PLEIN SILENCE
Je crois qu’on écrit différemment une consigne selon qu’elle émane de tel ou tel Atelier d’Ecriture. En effet, l’essence même des sujets diffère; certains responsables sont plus fantaisistes , et nécessairement entraînent le participant à la fantaisie. D’autre privilégient la difficulté et vous somment d’interpréter une image en cent lignes, fouettant ainsi votre imagination. D‘autres encore vous proposent sadiquement l’écriture d’un texte d’après un thème imposé mais en évitant obligatoirement certaines lettres. C’est ce qu’on appelle un lipogramme. A vous de résoudre ou non ce casse-tête.
Ajoutons que si la personnalité du responsable varie, chacun s’arrange aussi pour vous surprendre de façon inopinée: le fantaisiste devient soudain sérieux et vous propose comme sujet “une cathédrale”, dont vous ferez ce que bon vous semble. Quant au responsable “sérieux” qui vous a habitué à des thèmes hérissés d’épines, il vous offre soudain un dessin d’enfant représentant Blanche-Neige qui vous ramène vers vos souvenirs. Bref, les Ateliers d’Ecriture sont une excellente façon de se dérouiller les méninges...si on est en forme. Sinon, mieux vaut attendre la semaine suivante et écrire si je sujet vous convient.
Je vous propose la lecture d’un texte en trois strophes de six vers chacune. Voici les trois contraintes: il fallait éviter les “o” à la première strophe, les “t” à la seconde, les “i” à la troisième!...Ce fut un travail difficile. J’ai tenté d’être cohérente, mais il était malaisé de s’envoler vers un lyrisme de bon aloi! Voici donc:
PLEIN SILENCE
Un beau et plein silence embaume le matin
Quand le ciel apparaît dans sa nudité grise
Un silence zébré par le léger dessin
D’un merle qui s’élance et s’ébat dans la brise
Un silence perçu avec les yeux de l’âme
Un silence d’argent auprès de l’étang pur
Tandis que dans l’air dru un sifflement émane
Le sifflement hardi d’un élan dans l’azur
Le silence endormi sur la prairie voisine
S’éveille sans savoir si le jour sera doux
Il soupire et déjà le soleil d’or l’anime
De son rayon vainqueur, haï du loup-garou.

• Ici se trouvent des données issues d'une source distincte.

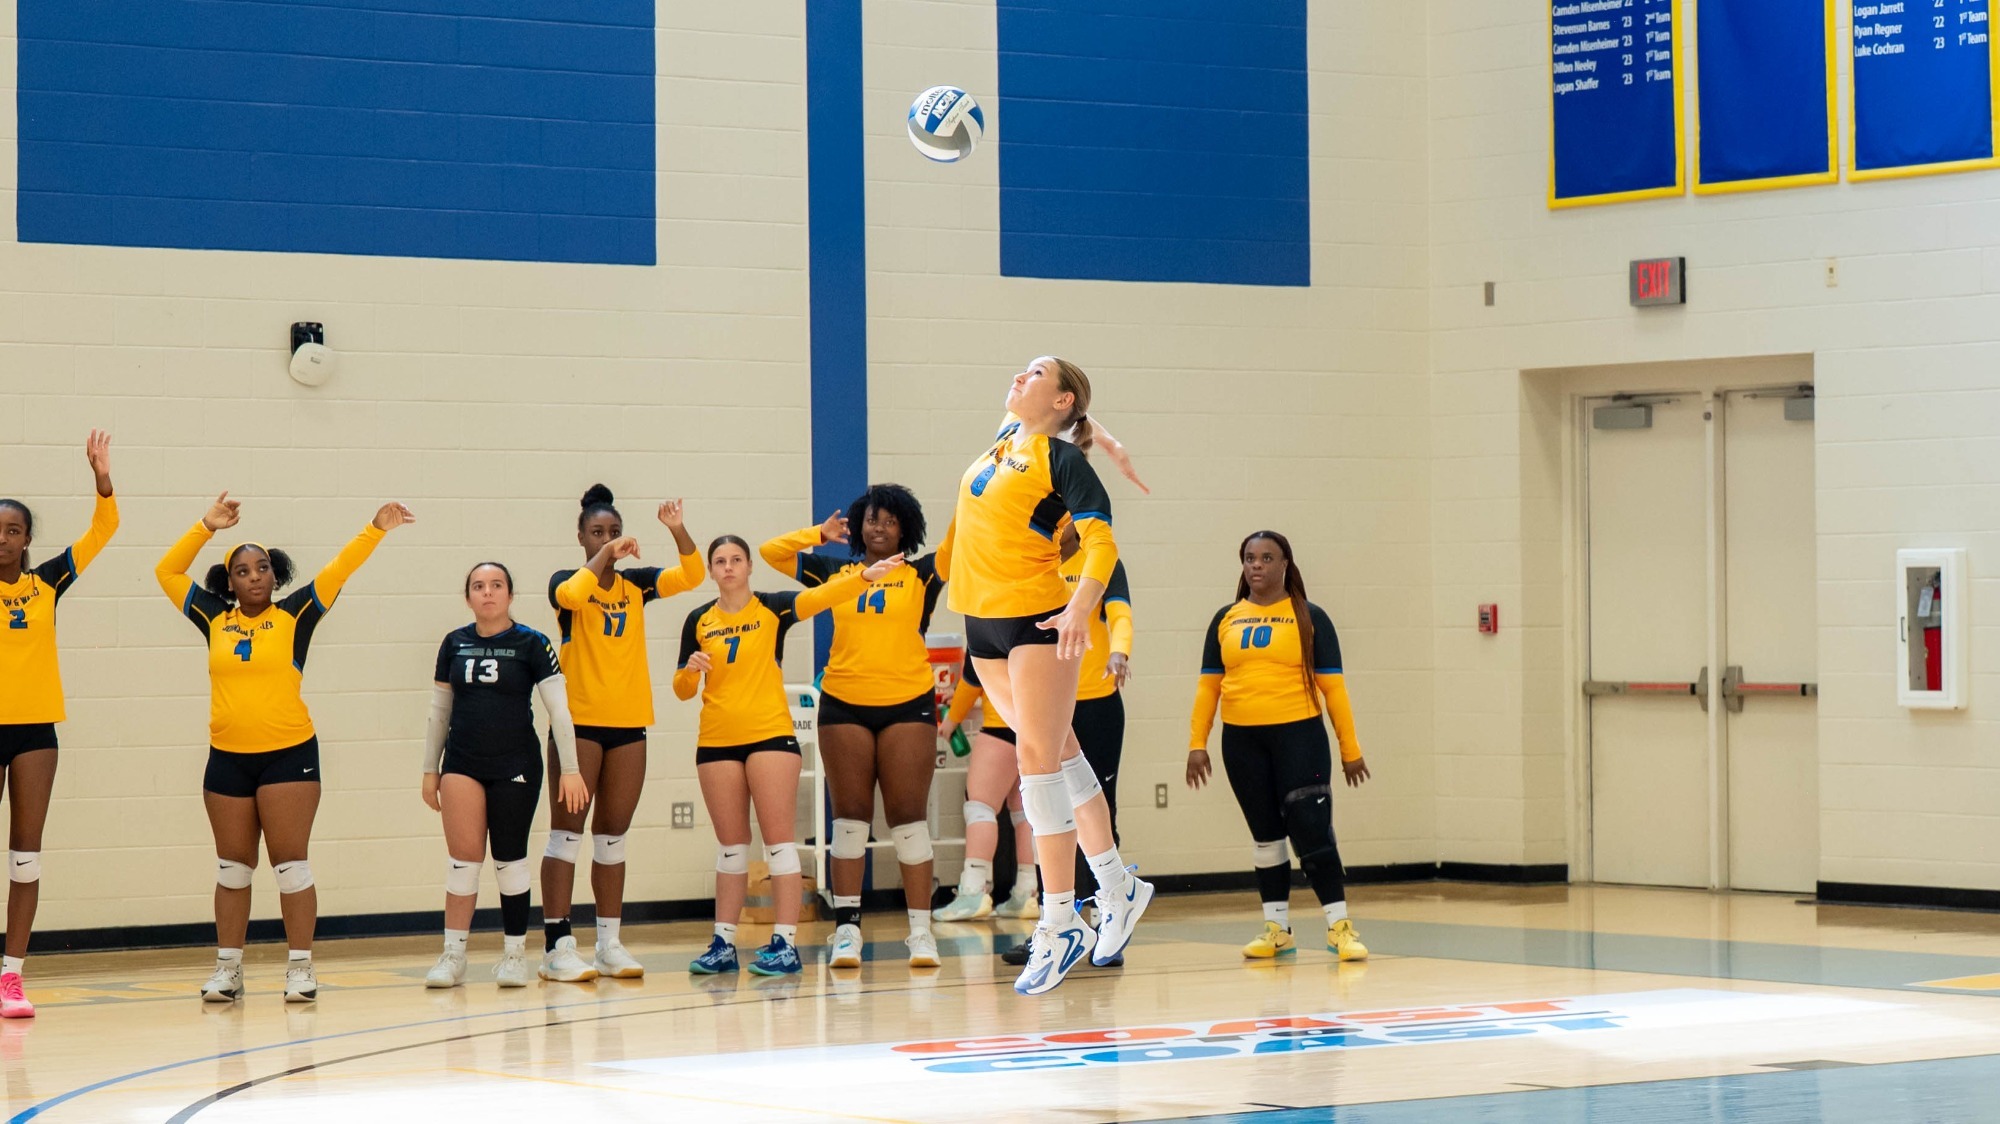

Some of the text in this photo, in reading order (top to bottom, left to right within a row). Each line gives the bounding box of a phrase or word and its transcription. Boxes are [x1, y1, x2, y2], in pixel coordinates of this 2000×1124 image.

[1552, 4, 1580, 17] Camden
[1854, 5, 1878, 19] Logan
[1879, 2, 1905, 15] Jarrett
[1553, 24, 1587, 36] Stevenson
[1587, 20, 1610, 32] Barnes
[1854, 24, 1873, 39] Ryan
[1874, 22, 1903, 38] Regner
[1967, 11, 1987, 23] Team
[1553, 42, 1580, 55] Camden
[1854, 44, 1872, 57] Luke
[1872, 42, 1905, 55] Cochran
[1967, 32, 1987, 44] Team
[1553, 61, 1574, 74] Dillon
[1553, 82, 1575, 95] Logan
[1575, 77, 1599, 91] Shaffer
[1637, 260, 1671, 299] EXIT
[970, 463, 997, 497] 8
[856, 588, 886, 614] 14
[9, 607, 28, 629] 2
[602, 610, 627, 637] 17
[1240, 624, 1273, 650] 10
[233, 638, 253, 662] 4
[724, 635, 741, 665] 7
[464, 658, 499, 683] 13
[792, 720, 812, 730] RADE
[890, 999, 1573, 1054] COAST
[923, 1015, 1630, 1074] COAST
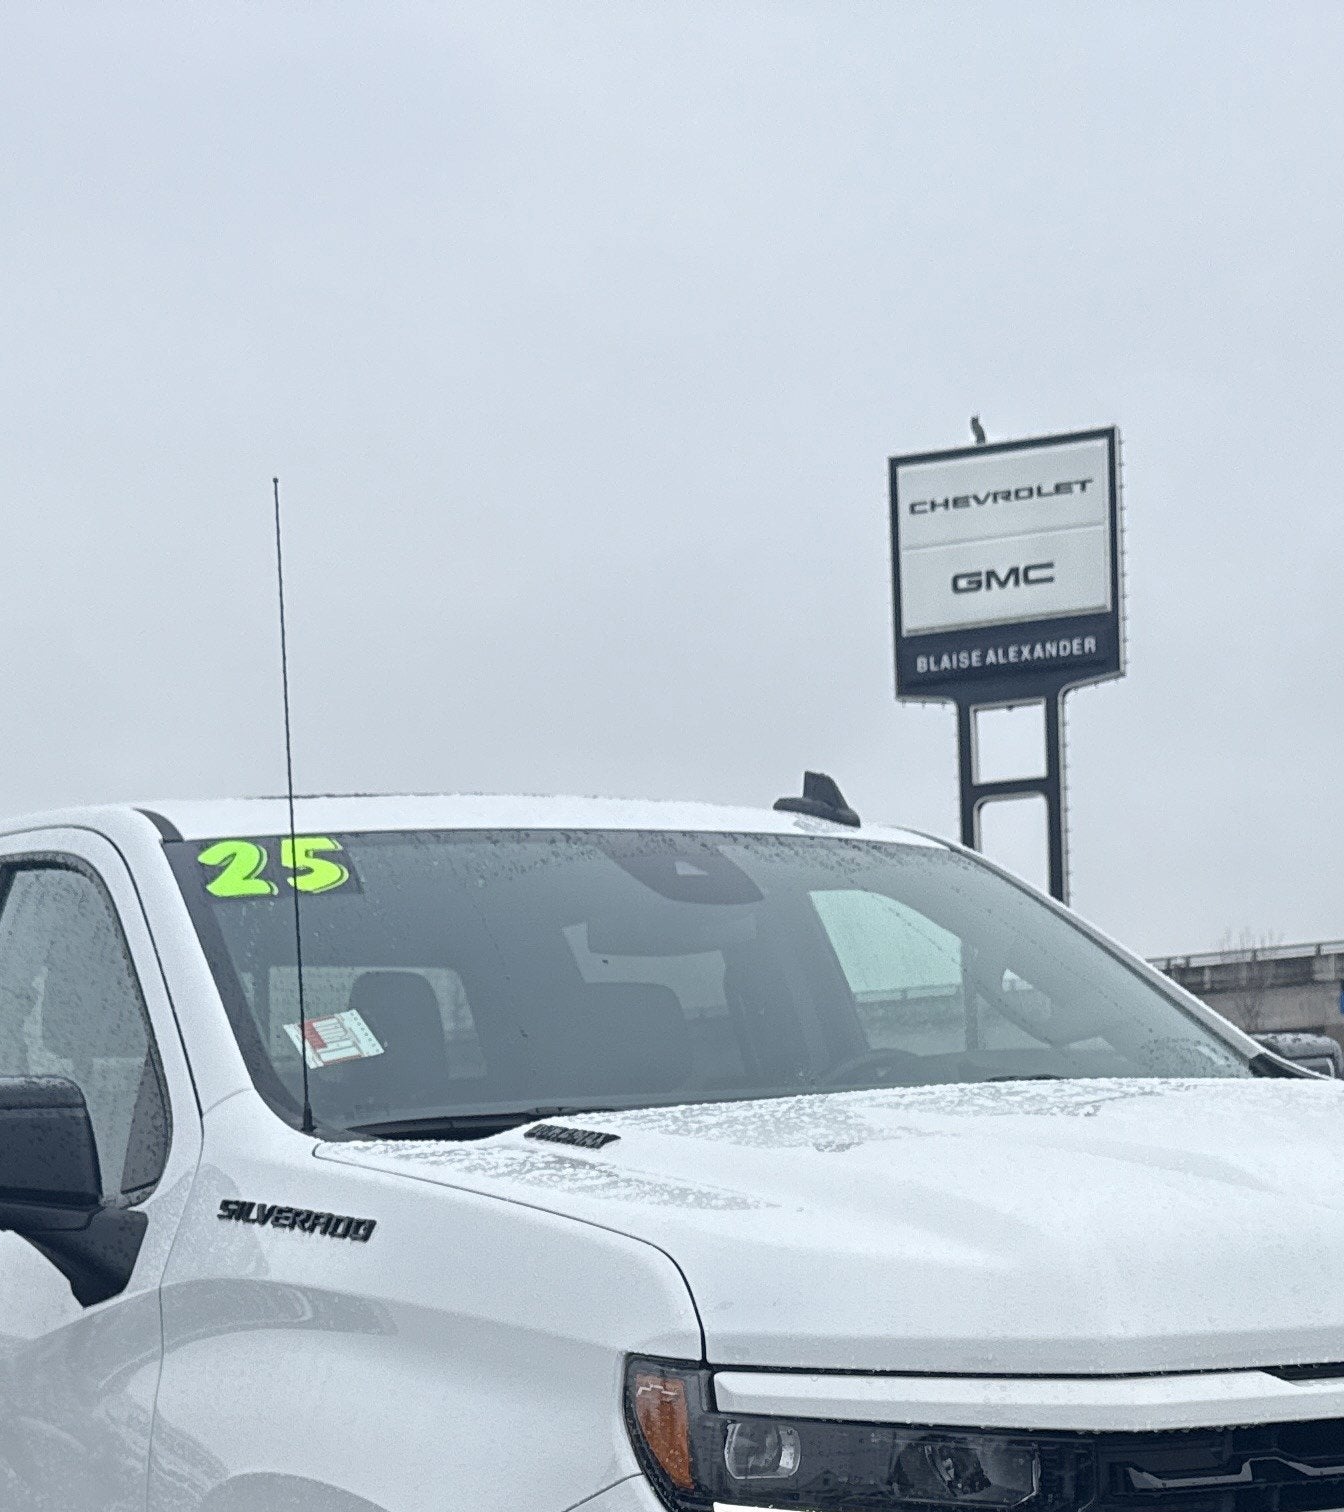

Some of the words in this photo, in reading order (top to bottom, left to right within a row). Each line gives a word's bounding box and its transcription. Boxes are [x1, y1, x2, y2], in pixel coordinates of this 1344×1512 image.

Le plein silence aussi règne dans la maison
Où sommeille l’enfant couché dans son berceau
Une cloche enrhumée scande vers l’horizon
Les six coups du clocher sans le moindre sursaut
Dans la ferme le coq entame sa journée
Debout sur le purot où sa chanson résonne
Attestant haut haut et fort que l’heure est avancée
Et attend le labeur des bêtes et des hommes
Le monde alerté sort de sa somnolence
Cependant que bourdonne le décevant repos
La clameur éperdue se propage et danse
Plongeant pour tout un jour l’être dans le chaos.